Their next stop is the far more dignified but no less deadly world of Gotham by Gaslight. ‘Night of the Bat’ by Brian Augustyn and Greg Tocchini, provides a good old-fashioned romp followed by the equally impressive ‘Red Son’ set on a world where that rocket from Krypton landed in the Soviet Union not Kansas, originally seen in Red Son. Alan Burnett and Travel Foreman (sample art right) produce this high-octane cold war incident.

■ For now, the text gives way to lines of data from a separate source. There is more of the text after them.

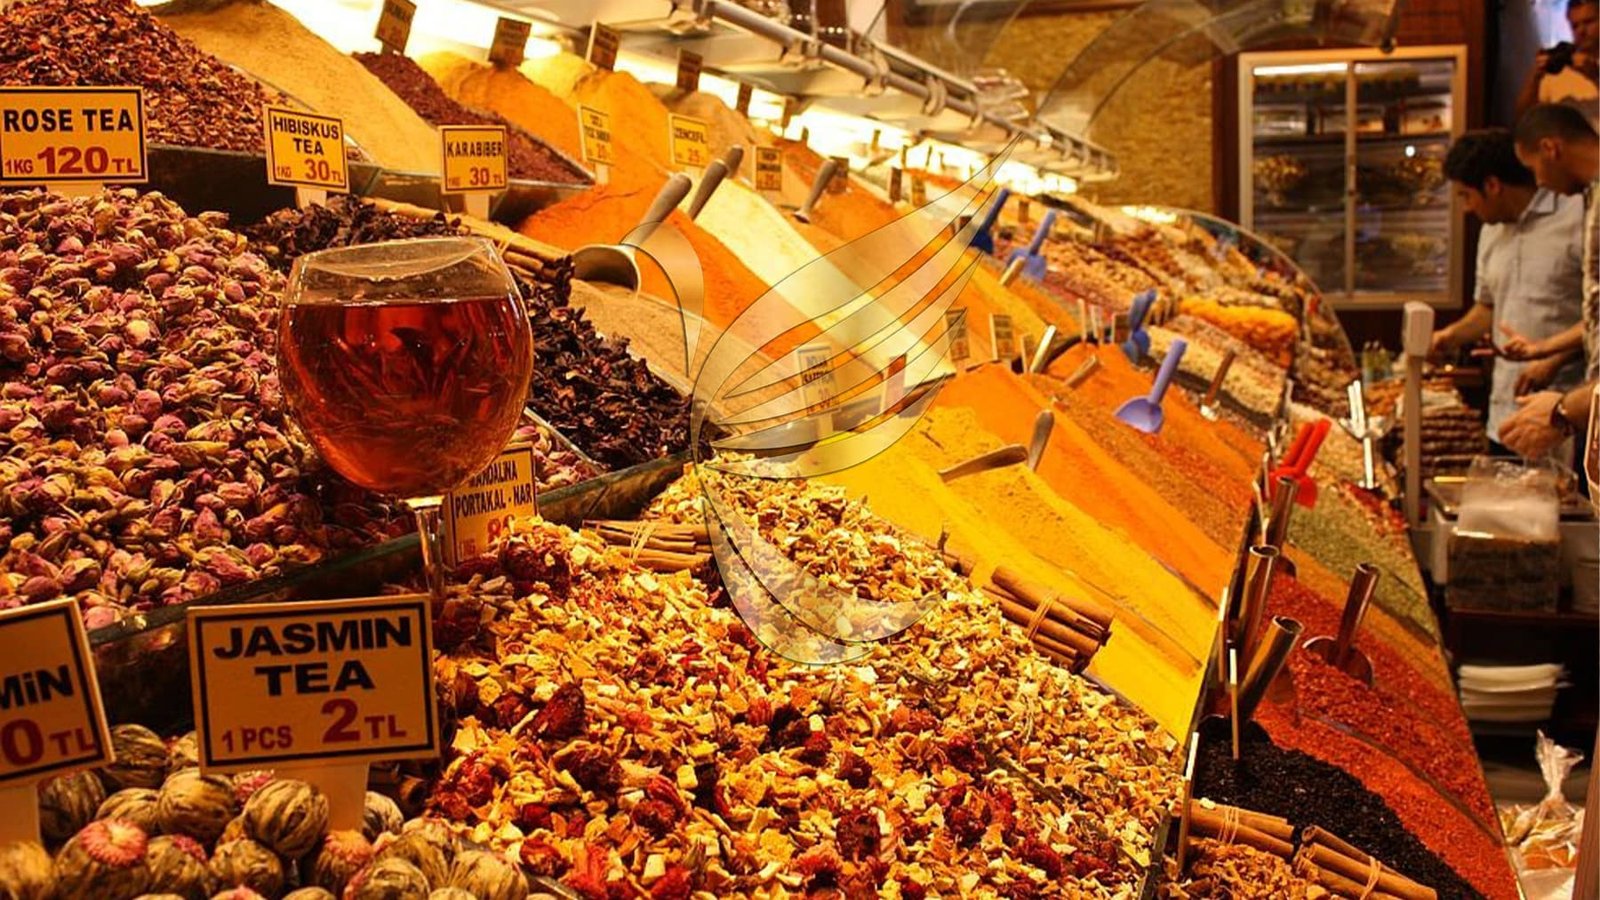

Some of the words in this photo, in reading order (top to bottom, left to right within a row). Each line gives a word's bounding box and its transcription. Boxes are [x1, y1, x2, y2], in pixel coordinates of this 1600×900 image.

[3, 108, 73, 132] ROSE
[82, 108, 134, 131] TEA
[273, 116, 339, 140] HIBISKUS
[293, 137, 324, 155] TEA
[447, 142, 503, 157] KARABIBER
[5, 158, 33, 174] 1KG
[37, 146, 108, 174] 120
[111, 158, 138, 173] TL
[304, 158, 329, 180] 30
[331, 170, 343, 183] TL
[470, 167, 489, 186] 30
[456, 489, 506, 518] PORTAKAL
[513, 483, 533, 506] NAR
[214, 617, 411, 659] JASMIN
[255, 660, 375, 696] TEA
[222, 730, 233, 753] 1
[241, 725, 293, 751] PCS
[321, 698, 361, 743] 2
[365, 715, 407, 739] TL
[49, 728, 96, 755] TL
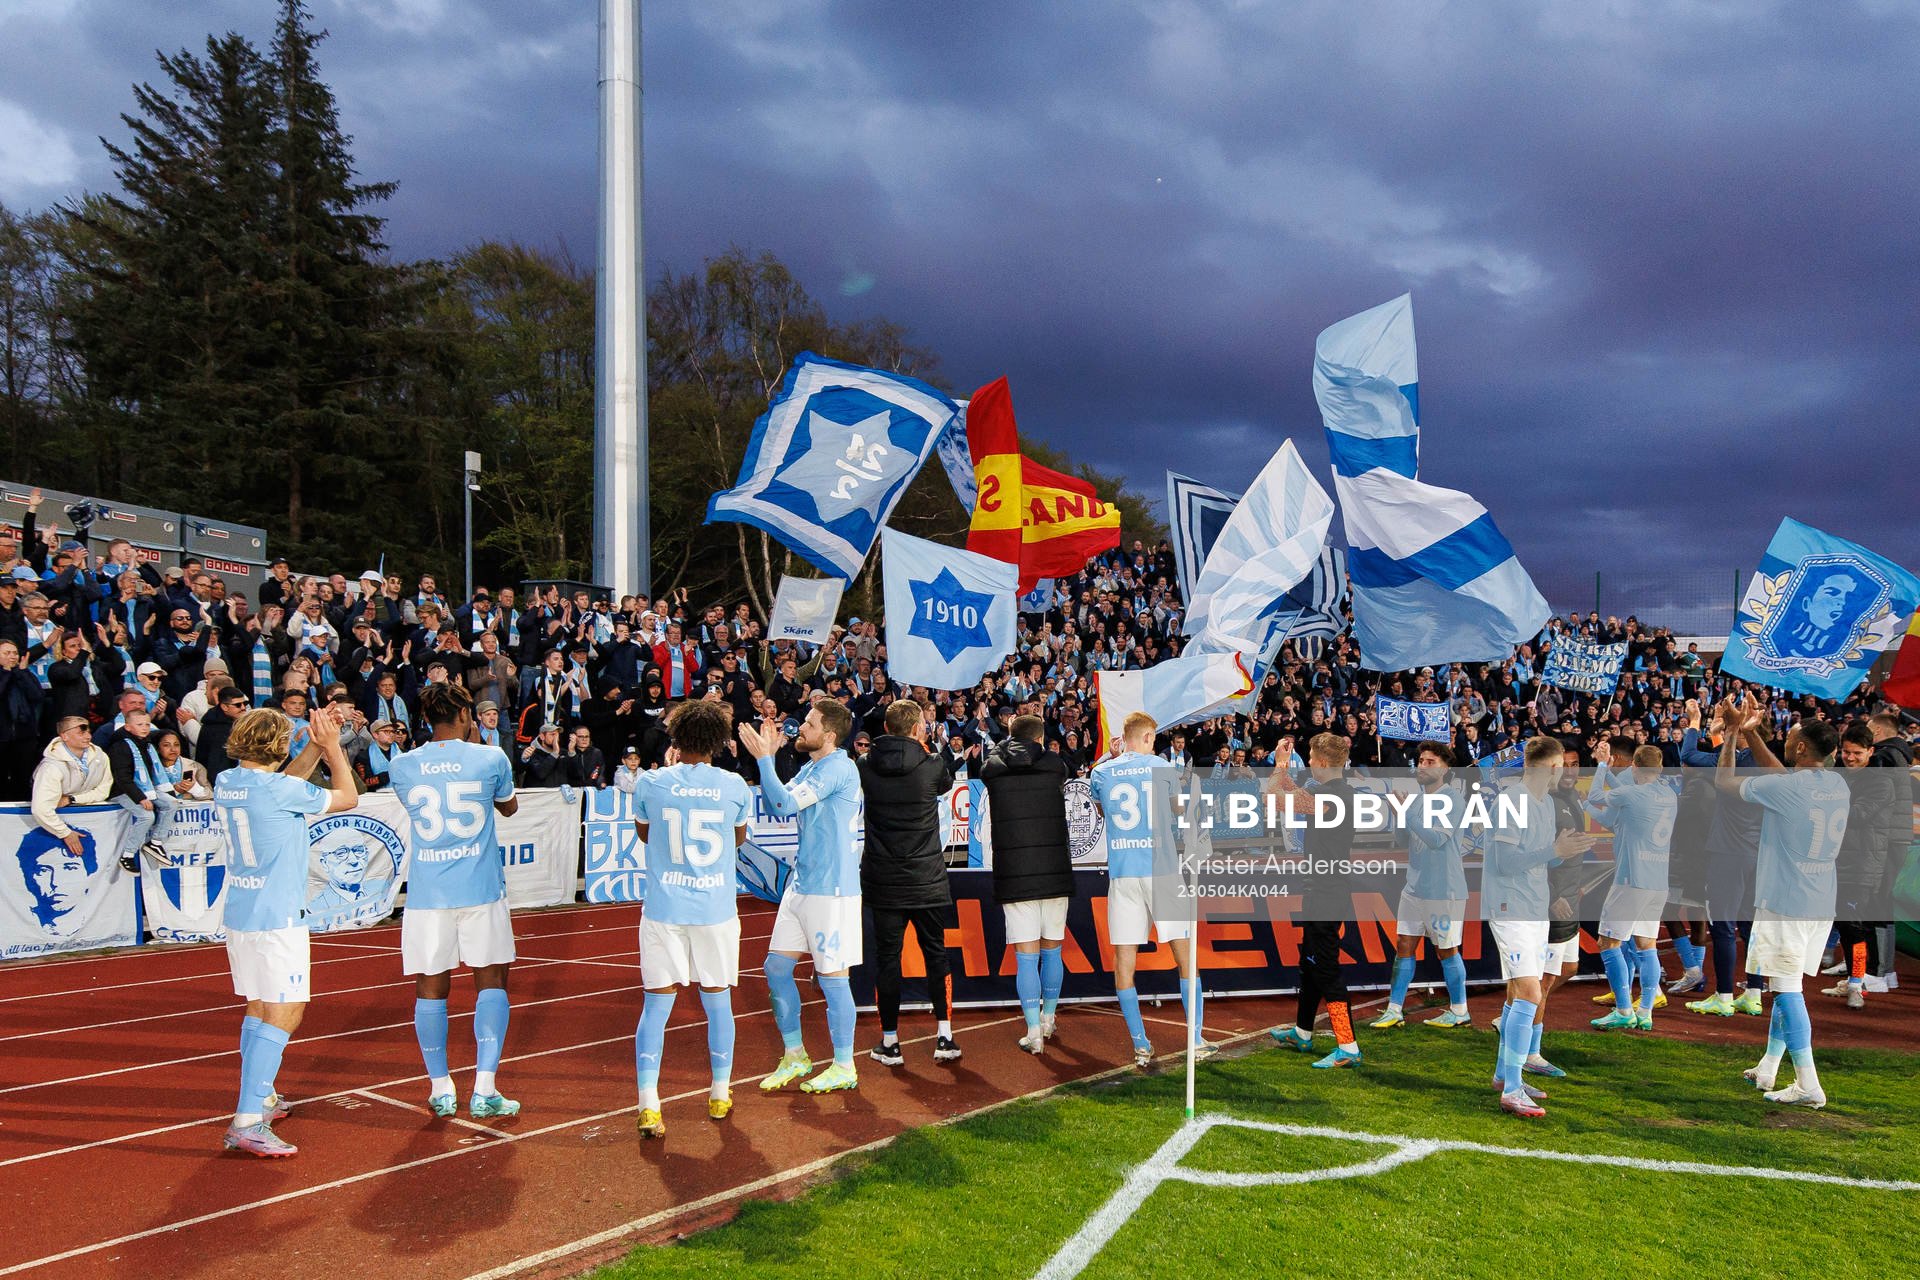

The book, if not the story, ends with ‘Superwoman/Batwoman’, a charming and rather peculiar tale from an Earth where the genders of everybody we’re familiar with are reversed. The strangeness comes courtesy of writers Justin Gray and Jimmy Palmiotti, and pencillers Kalman Andrasofszky, Jeremy Haun, David Hahn and David Baldeón.

On the last page you’ll find that the Challengers don’t succeed and that you’ll need Countdown to Final Crisis Volume 3 to find out what happens next. As with all the tales here you’ll be reminded that the real story is going on elsewhere and that the confusions you’ve been experiencing were largely unnecessary. The transition from periodical publishing events to book collections is still a young science and every so often the formats simply don’t work together.

This time it would have been best to stick these one-shots into the appropriate places in regular compilations rather than have them stand as the bewildering mess they are here.